Leaving the images out, output each entry below exactly.

Segment Start: Data to process

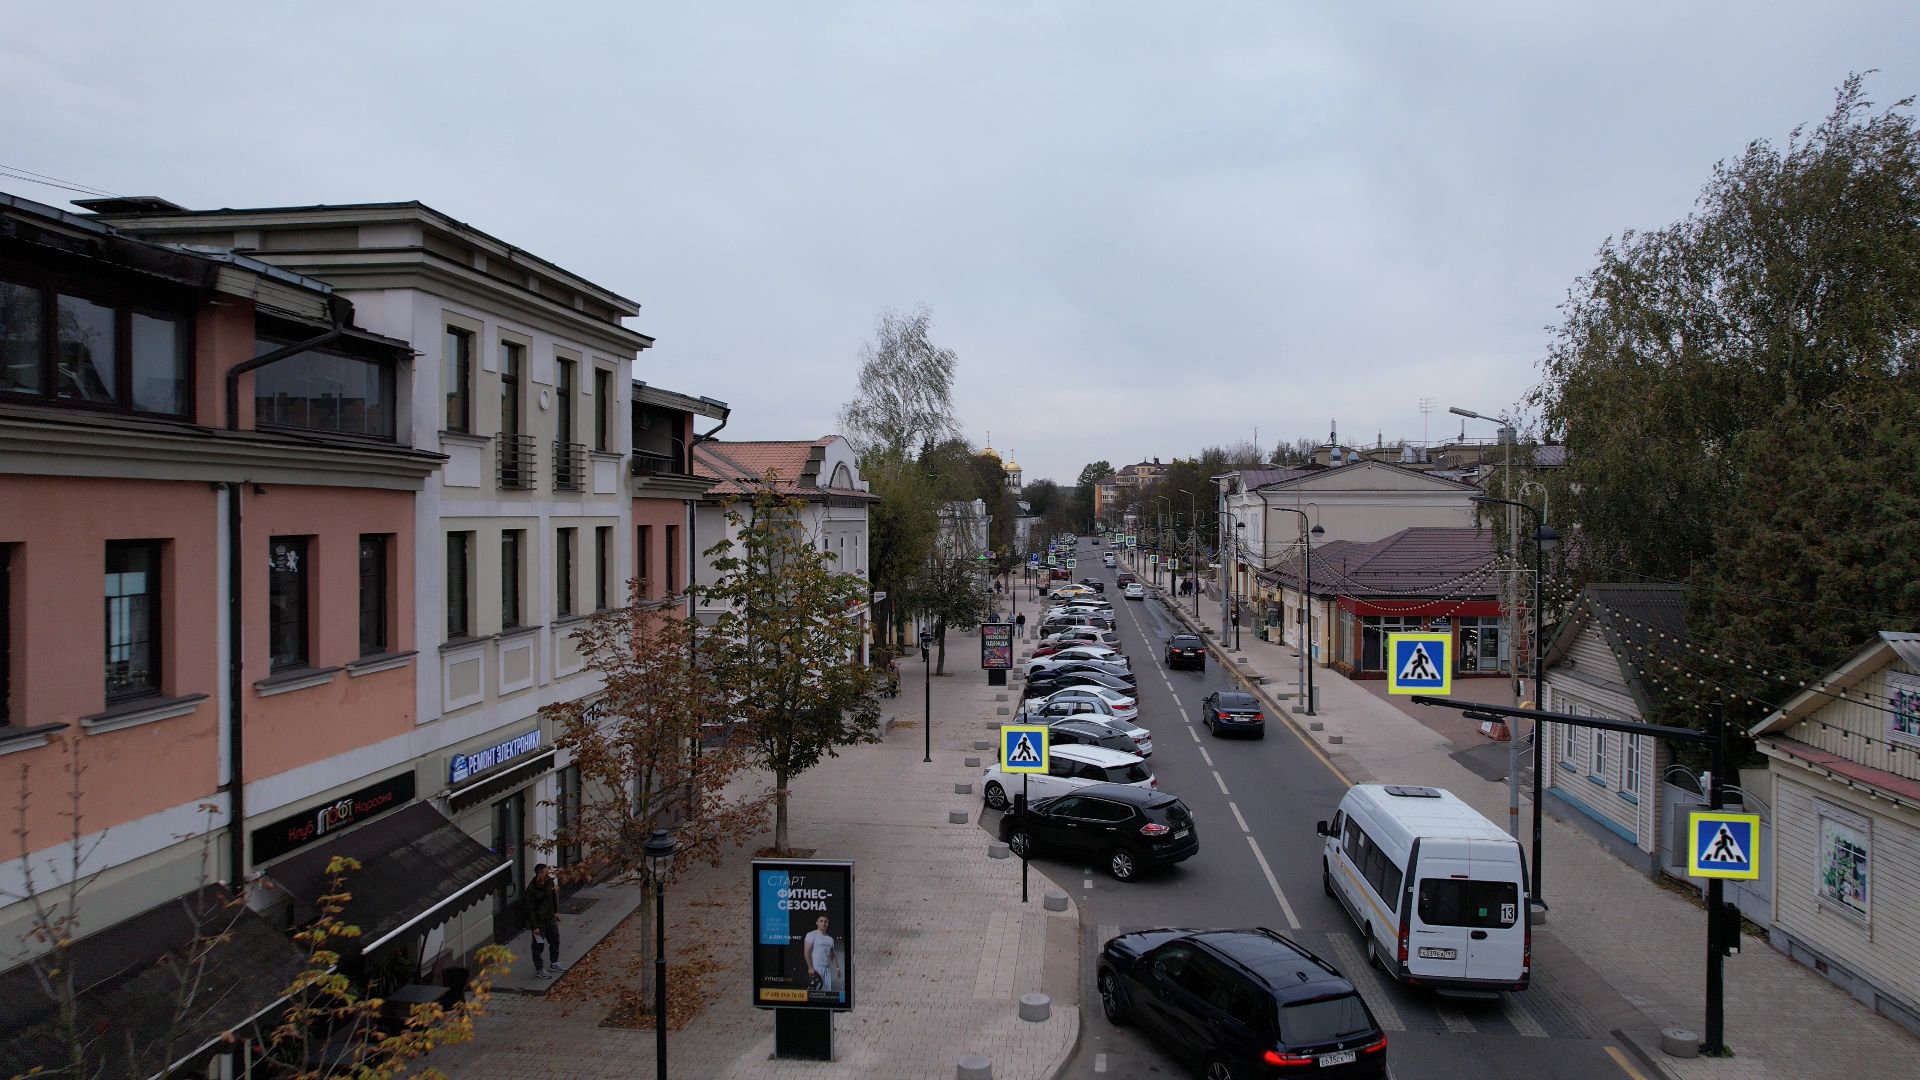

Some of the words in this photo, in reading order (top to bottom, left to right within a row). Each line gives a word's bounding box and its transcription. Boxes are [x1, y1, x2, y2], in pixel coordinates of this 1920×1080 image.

[468, 747, 495, 775] РЕМОНТ
[496, 729, 541, 764] ЭЛЕКТРОНИКИ
[288, 818, 315, 842] Клуб
[354, 791, 393, 815] Караоке
[767, 875, 806, 887] СТАРТ
[777, 888, 833, 900] ФИТНЕС-
[777, 900, 827, 911] СЕЗОНА
[1502, 907, 1513, 919] 13

Segment End: Data to process

→ Finished task:
Some of the words in this photo, in reading order (top to bottom, left to right within a row). Each line gives a word's bounding box and its transcription. Boxes are [x1, y1, x2, y2], in pixel coordinates of this 1920×1080 image.

[468, 747, 495, 775] РЕМОНТ
[496, 729, 541, 764] ЭЛЕКТРОНИКИ
[288, 818, 315, 842] Клуб
[354, 791, 393, 815] Караоке
[767, 875, 806, 887] СТАРТ
[777, 888, 833, 900] ФИТНЕС-
[777, 900, 827, 911] СЕЗОНА
[1502, 907, 1513, 919] 13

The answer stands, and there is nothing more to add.